Animals, like humans, need clean environments to live in. Designed by Jacksonville, Fla.-based Ebert Norman Brady Architects, the new LEED Gold certified Jacksonville Animal Care and Protective Services building provides just that for its four-legged population. The 41,000-square-foot facility is located on a reclaimed 4 1/2-acre brownfield site and replaces an aged and overcrowded shelter. The donut-shaped building is designed to maximize natural light and ventilation. The north end of the building is the adoption and administrative area, which boasts large expanses of glass and bright colors. That northern orientation also allows for natural light without concern for solar gain. The central portion of the building houses the canine and feline wards. Canine wards are on the perimeter of the building with high ribbons of glass on each side and skylights for natural light. The feline wards are four free-standing individual buildings located in the courtyard for outdoor views, natural light, and optional cross ventilation via operable windows. Canine and feline units are situated to provide east-west solar orientation to mimic the natural daily cycle as much as possible. The south end of the facility includes a secured animal intake area, a medical treatment area, surgery suite, and employee entrance.
The mechanical systems required a minimum of 12 air changes per hour in each of the individual animal wards for disease and odor control. Retail and public areas are conditioned with direct expansion variable volume systems that provide space and sub-zone temperature control with exhaust fans for odor and pressure control in visitation areas. A dedicated direct-expansion, air-cooled, 100% outside air system with heat recovery and hot gas reheat for animal wards were specified where high air ventilation exchange rates were required. Other spaces are conditioned with constant volume, high efficiency, air-cooled direct expansion systems. Photo sensors in each of the naturally lit spaces sense daylight and dim interior lights to further save energy. The building is projected to use 40% less energy than a comparable building built to code.

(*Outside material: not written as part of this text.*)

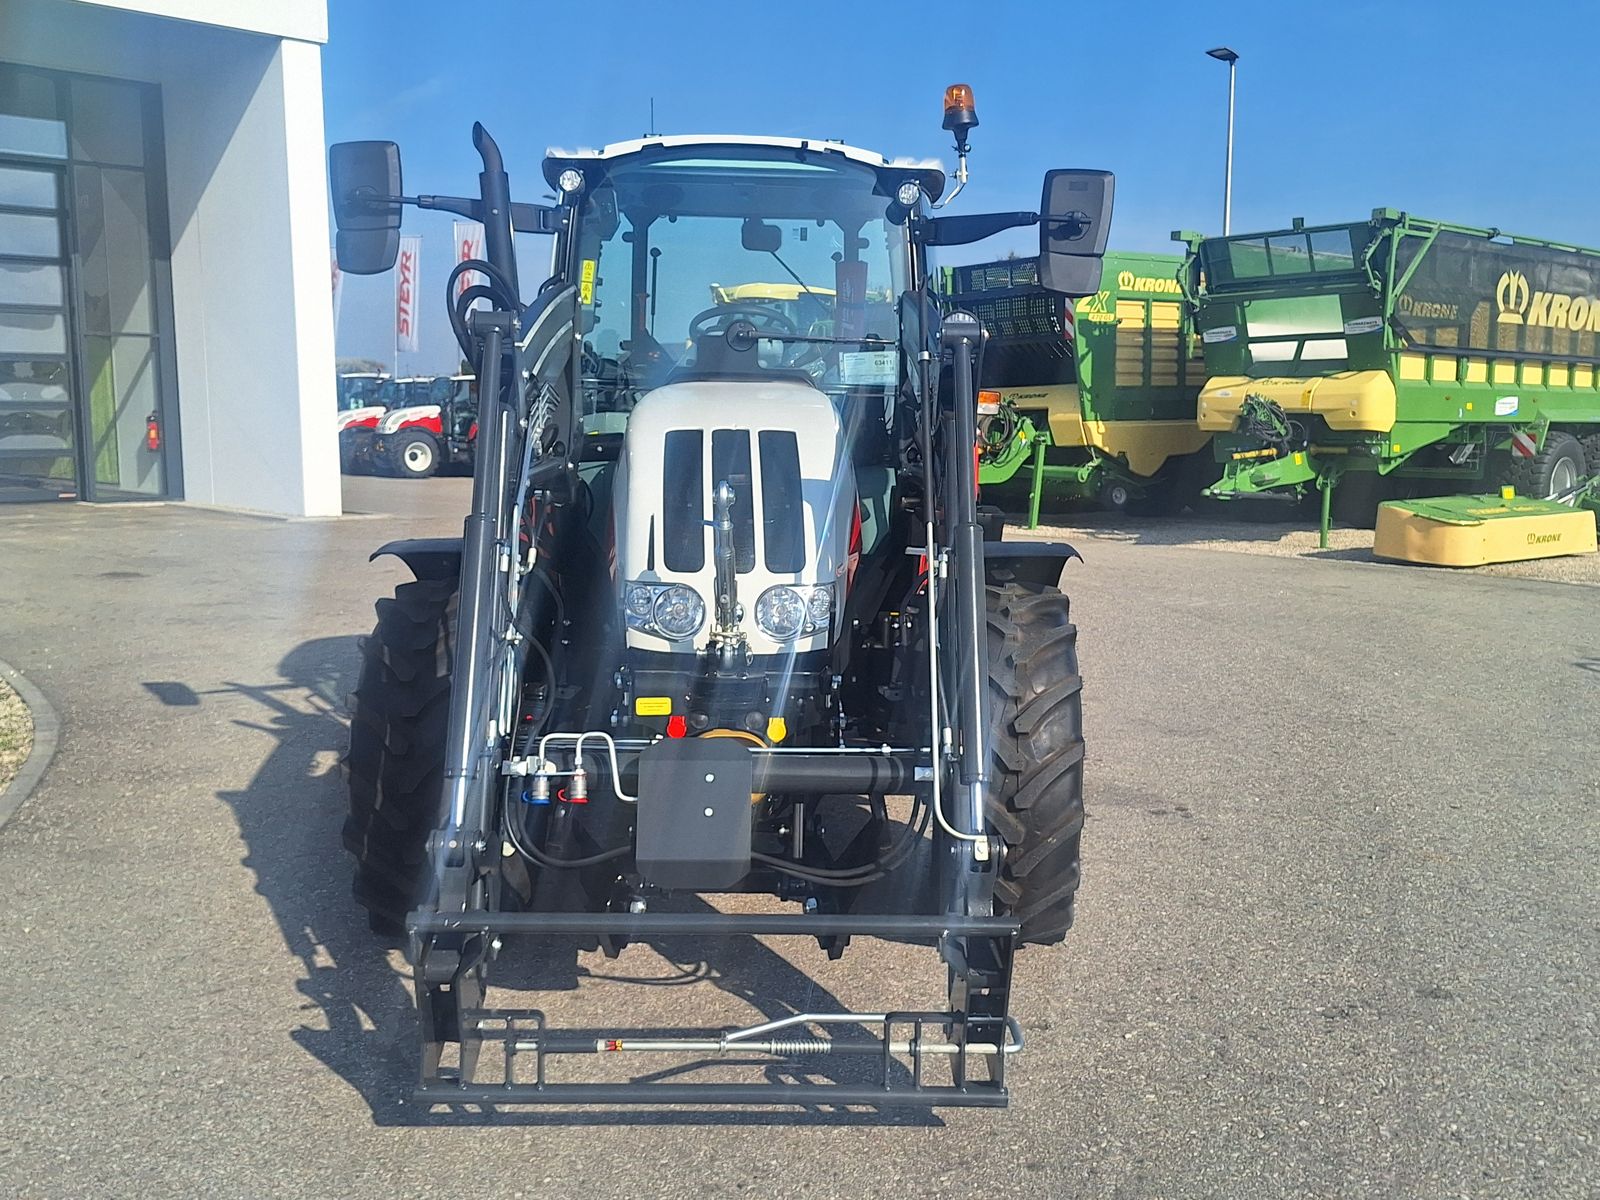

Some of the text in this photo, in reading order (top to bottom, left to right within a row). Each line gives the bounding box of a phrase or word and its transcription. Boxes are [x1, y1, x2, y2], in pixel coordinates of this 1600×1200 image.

Durable, budget-conscious materials include split-face masonry and architectural metal panels for the exterior and painted concrete masonry walls for the interior. These materials contain a high amount of recycled content and are recyclable at the end of their lives. About 43% of building materials were regionally sourced; 83% of construction waste was diverted from landfills. The facility also maintained close to 50% of the open space on the site.